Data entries
..........

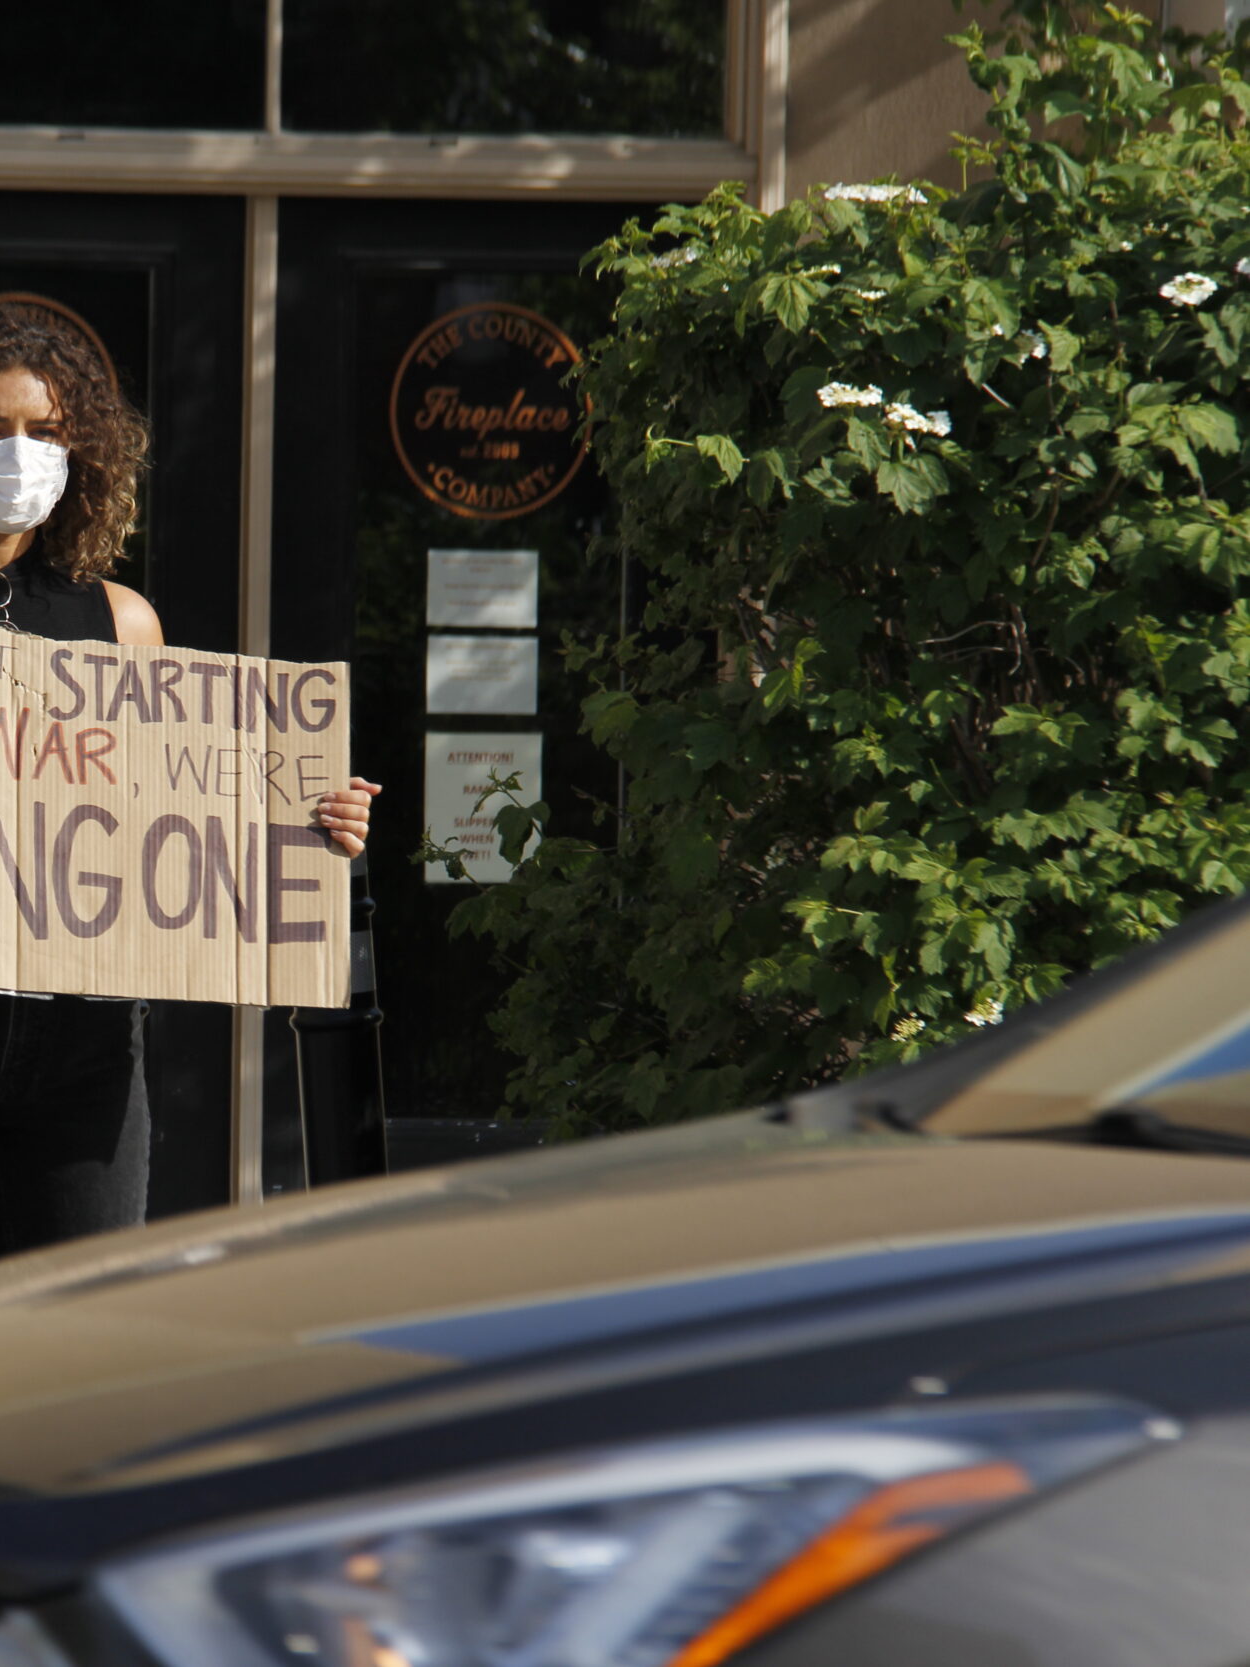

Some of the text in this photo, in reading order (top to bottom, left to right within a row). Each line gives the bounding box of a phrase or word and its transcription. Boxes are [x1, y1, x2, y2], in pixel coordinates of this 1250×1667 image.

[416, 315, 567, 368] THE COUNTY
[414, 386, 570, 441] Fireplace
[433, 465, 552, 508] COMPANY
[48, 648, 337, 733] STARTING
[165, 743, 330, 806] WE'RE
[447, 751, 514, 765] ATTENTION!
[459, 833, 495, 844] WHEN
[142, 814, 332, 945] ONE

..........

Exercise instructions
Output all the data above verbatim, leaving out images.

Answer section
Some of the text in this photo, in reading order (top to bottom, left to right within a row). Each line gives the bounding box of a phrase or word and its transcription. Boxes are [x1, y1, x2, y2], in pixel coordinates of this 1250×1667 image.

[416, 315, 567, 368] THE COUNTY
[414, 386, 570, 441] Fireplace
[433, 465, 552, 508] COMPANY
[48, 648, 337, 733] STARTING
[165, 743, 330, 806] WE'RE
[447, 751, 514, 765] ATTENTION!
[459, 833, 495, 844] WHEN
[142, 814, 332, 945] ONE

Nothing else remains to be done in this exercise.